= What the exercise asks =
What you give back must match the data exactly, minus the pictures.

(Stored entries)
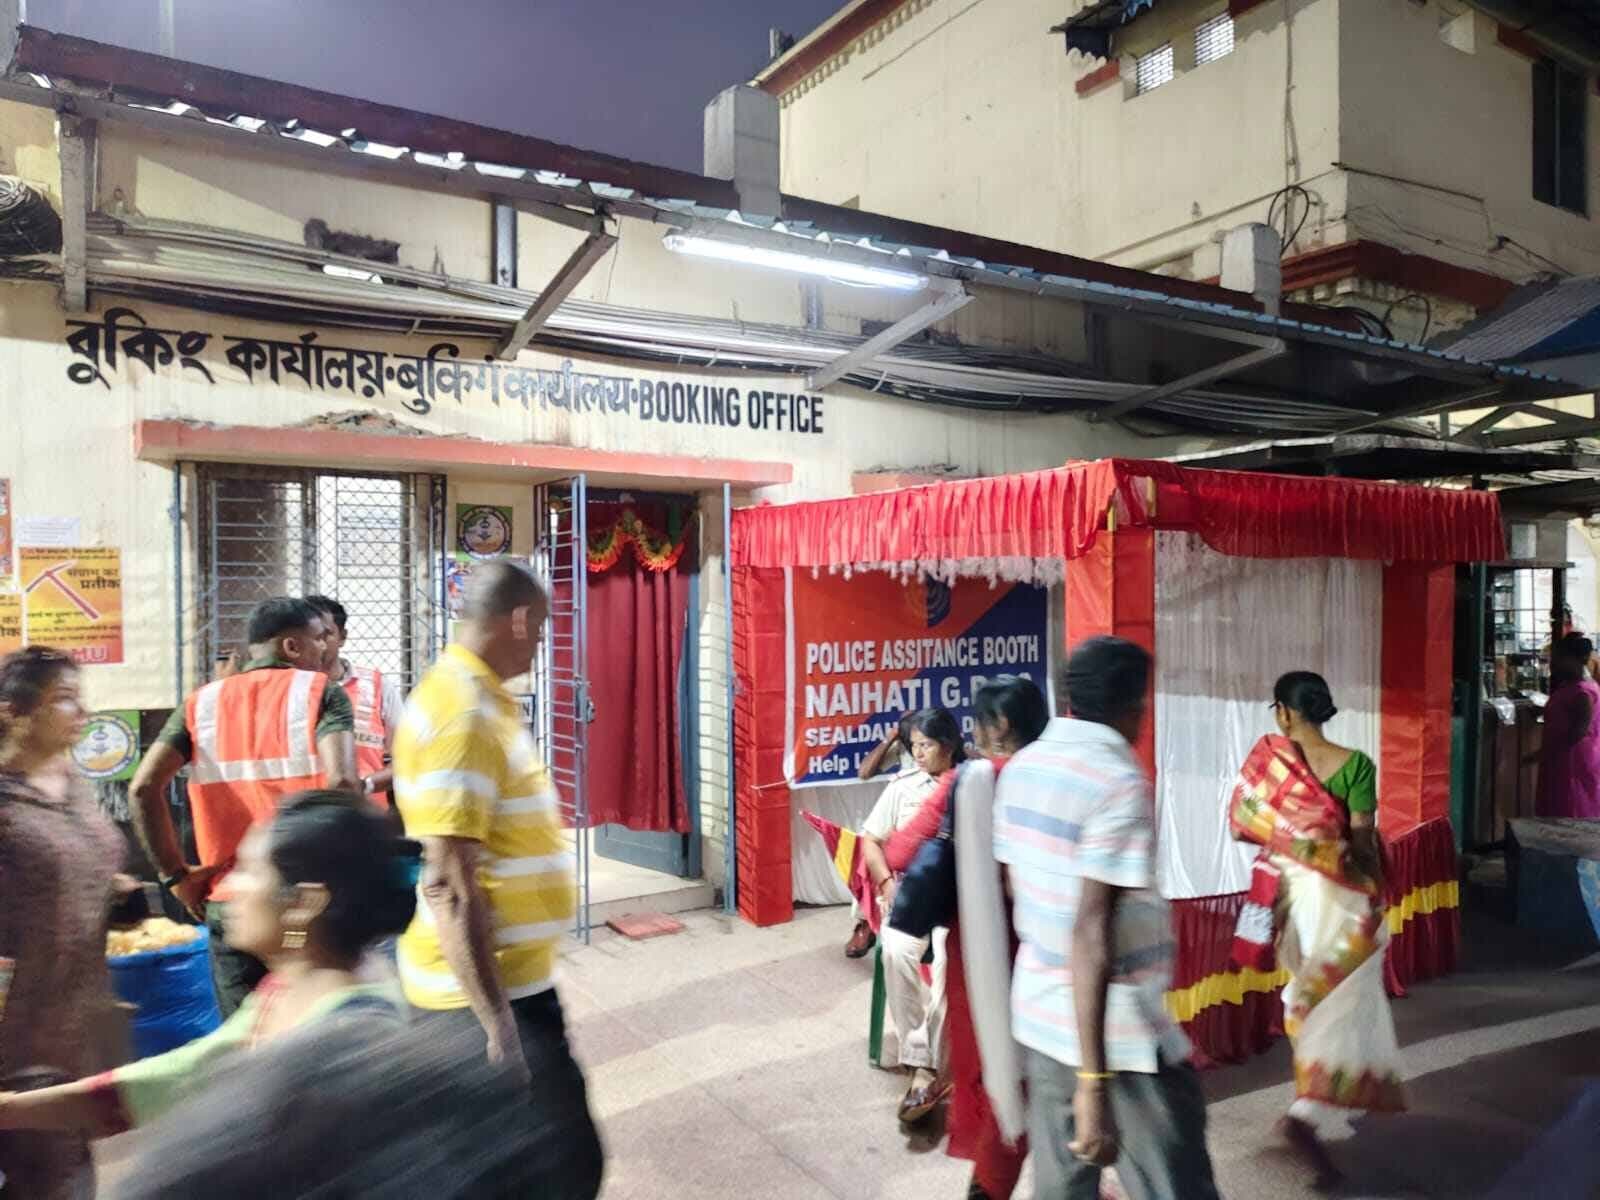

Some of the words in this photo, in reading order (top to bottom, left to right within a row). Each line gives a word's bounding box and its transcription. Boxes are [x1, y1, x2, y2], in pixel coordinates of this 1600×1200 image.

[65, 307, 216, 390] বুকিং
[222, 331, 388, 398] কার্যালয়
[639, 379, 741, 427] BOOKING
[747, 390, 824, 434] OFFICE
[805, 640, 876, 675] POLICE
[881, 636, 979, 671] ASSITANCE
[983, 634, 1039, 665] BOOTH
[804, 677, 931, 718] NAIHATI
[808, 755, 850, 776] Help
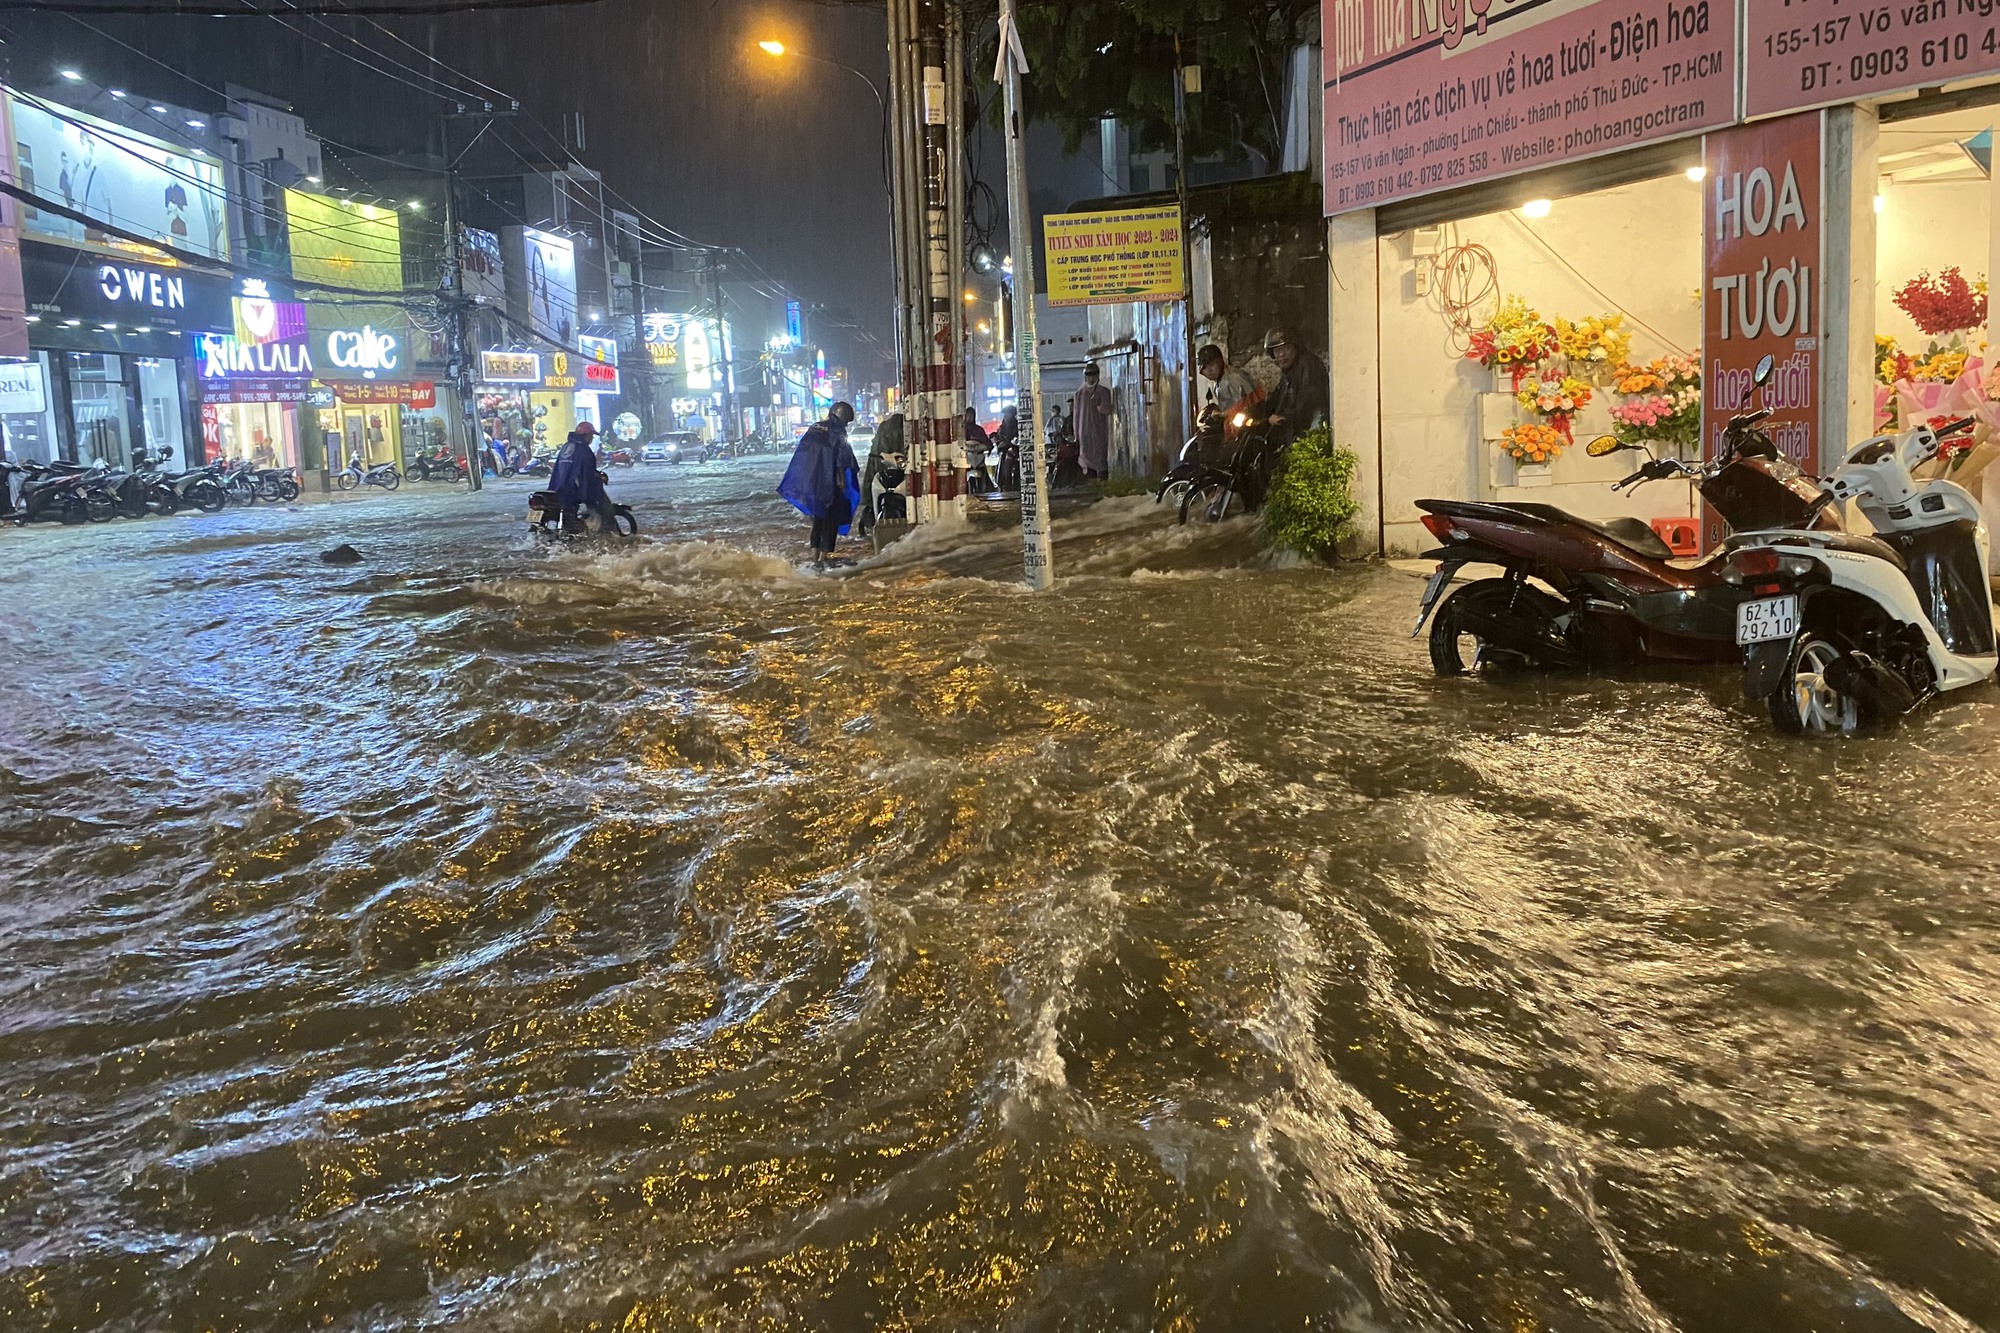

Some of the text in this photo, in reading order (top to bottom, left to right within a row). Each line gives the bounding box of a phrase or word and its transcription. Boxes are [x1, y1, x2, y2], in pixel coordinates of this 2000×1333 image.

[1764, 16, 1851, 58] 155-157
[1859, 7, 1891, 36] Võ
[1850, 46, 1909, 81] 0903
[1921, 33, 1968, 67] 610
[1338, 1, 1709, 149] Thực hiện các dịch vụ về hoa tươi Điện hoa
[1331, 158, 1359, 180] 155-157
[1361, 153, 1373, 171] Võ
[1391, 143, 1415, 166] Ngân
[1461, 122, 1484, 145] Linh
[1528, 98, 1561, 125] thành
[1564, 86, 1589, 120] phố
[1592, 79, 1617, 108] Thủ
[1621, 73, 1649, 100] Đức
[1662, 50, 1723, 88] TP.HCM
[1355, 180, 1375, 201] 0903
[1377, 175, 1394, 196] 610
[1396, 170, 1413, 190] 442
[1420, 162, 1443, 185] 0792
[1447, 155, 1465, 178] 825
[1469, 150, 1488, 173] 558
[1564, 99, 1705, 155] phohoangoctram
[1715, 159, 1807, 240] HOA
[1069, 255, 1089, 264] TRUNG
[1074, 234, 1093, 249] SINH
[1114, 230, 1131, 249] HỌC
[1133, 229, 1153, 245] 2023
[1160, 227, 1179, 243] 2024
[98, 265, 185, 309] OWEN
[1713, 255, 1810, 340] TƯƠI
[1714, 358, 1752, 411] hoa
[1740, 617, 1792, 641] 292.10
[1746, 599, 1786, 622] 62-K1
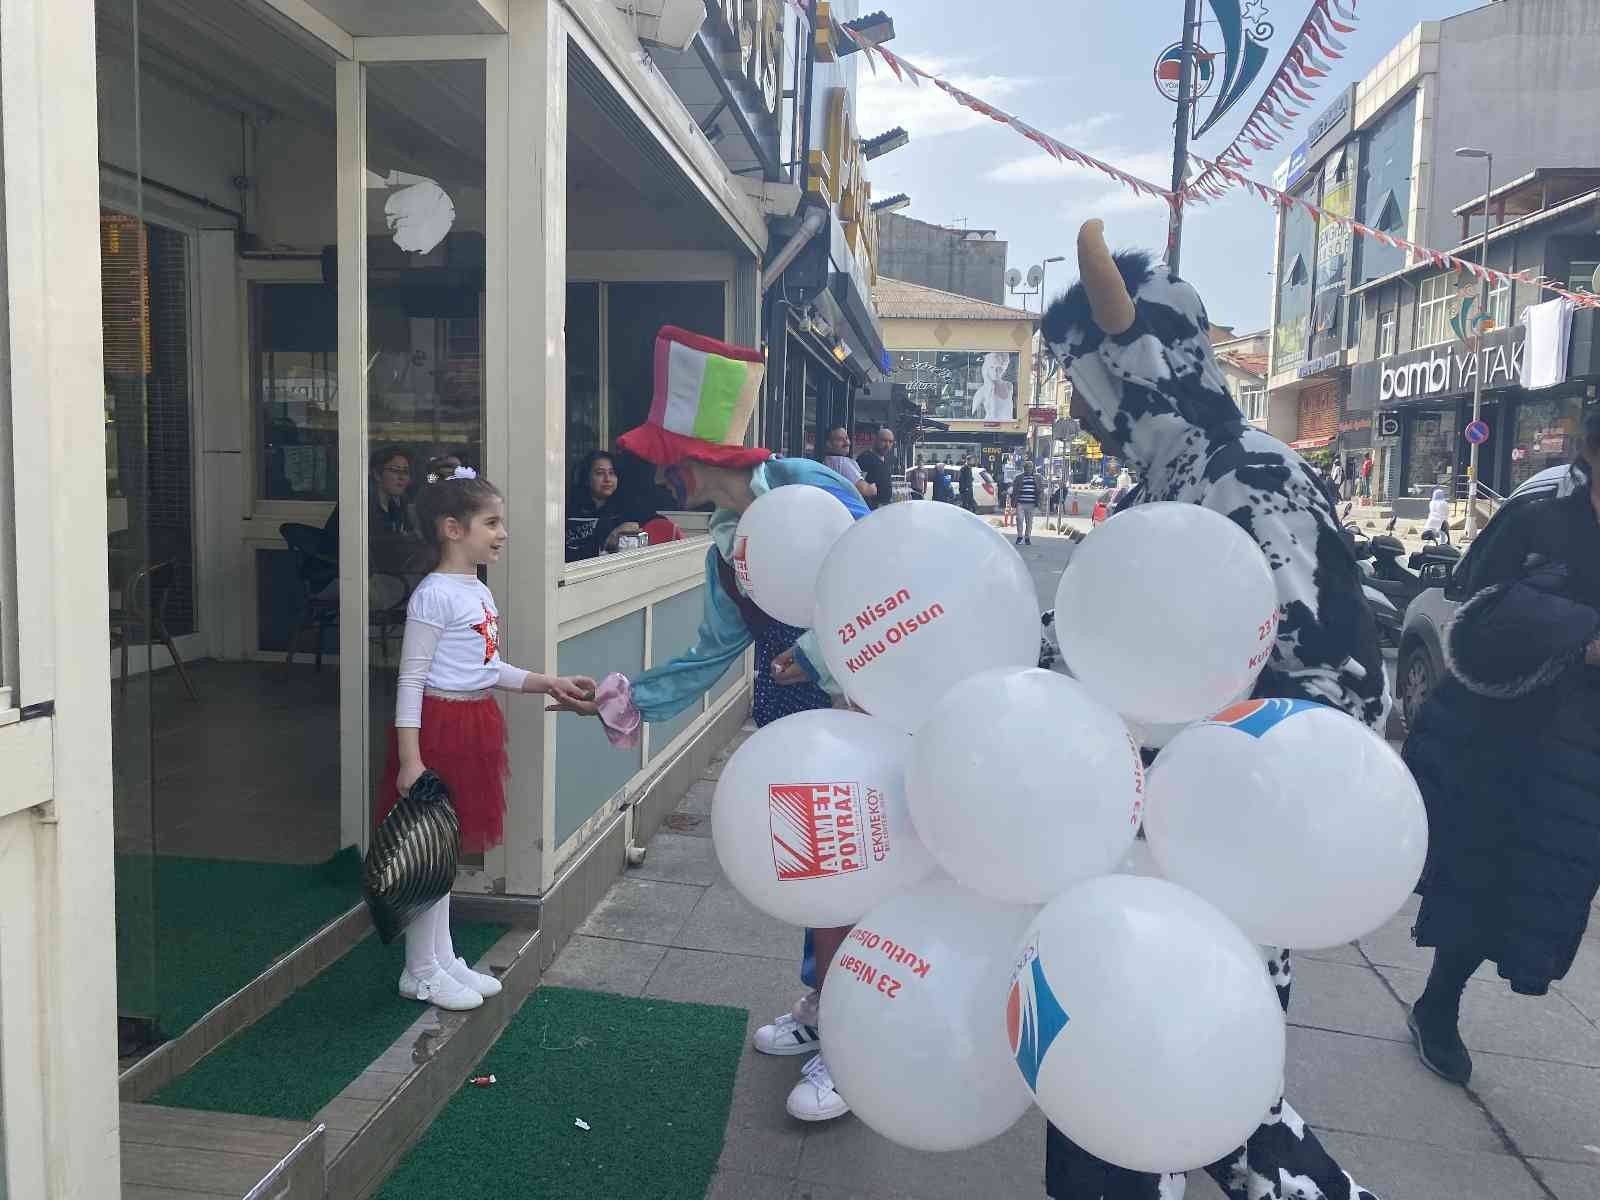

= Exercise result =
Some of the words in this photo, in reading order (top to bottom, left to right within a row). Each line gives a word's bounding box and its transcription. Boxes are [x1, y1, x2, y2], in pixel coordinates of this 1600×1200 image.

[65, 307, 216, 390] বুকিং
[222, 331, 388, 398] কার্যালয়
[639, 379, 741, 427] BOOKING
[747, 390, 824, 434] OFFICE
[805, 640, 876, 675] POLICE
[881, 636, 979, 671] ASSITANCE
[983, 634, 1039, 665] BOOTH
[804, 677, 931, 718] NAIHATI
[808, 755, 850, 776] Help

Some of the text in this photo, in reading order (top to bottom, left to right within a row). Each line gives the bounding box of a phrase or word and its transcription. Boxes are [x1, y1, x2, y2], in pixel coordinates of this 2000×1333 image.

[1764, 16, 1851, 58] 155-157
[1859, 7, 1891, 36] Võ
[1850, 46, 1909, 81] 0903
[1921, 33, 1968, 67] 610
[1338, 1, 1709, 149] Thực hiện các dịch vụ về hoa tươi Điện hoa
[1331, 158, 1359, 180] 155-157
[1361, 153, 1373, 171] Võ
[1391, 143, 1415, 166] Ngân
[1461, 122, 1484, 145] Linh
[1528, 98, 1561, 125] thành
[1564, 86, 1589, 120] phố
[1592, 79, 1617, 108] Thủ
[1621, 73, 1649, 100] Đức
[1662, 50, 1723, 88] TP.HCM
[1355, 180, 1375, 201] 0903
[1377, 175, 1394, 196] 610
[1396, 170, 1413, 190] 442
[1420, 162, 1443, 185] 0792
[1447, 155, 1465, 178] 825
[1469, 150, 1488, 173] 558
[1564, 99, 1705, 155] phohoangoctram
[1715, 159, 1807, 240] HOA
[1069, 255, 1089, 264] TRUNG
[1074, 234, 1093, 249] SINH
[1114, 230, 1131, 249] HỌC
[1133, 229, 1153, 245] 2023
[1160, 227, 1179, 243] 2024
[98, 265, 185, 309] OWEN
[1713, 255, 1810, 340] TƯƠI
[1714, 358, 1752, 411] hoa
[1740, 617, 1792, 641] 292.10
[1746, 599, 1786, 622] 62-K1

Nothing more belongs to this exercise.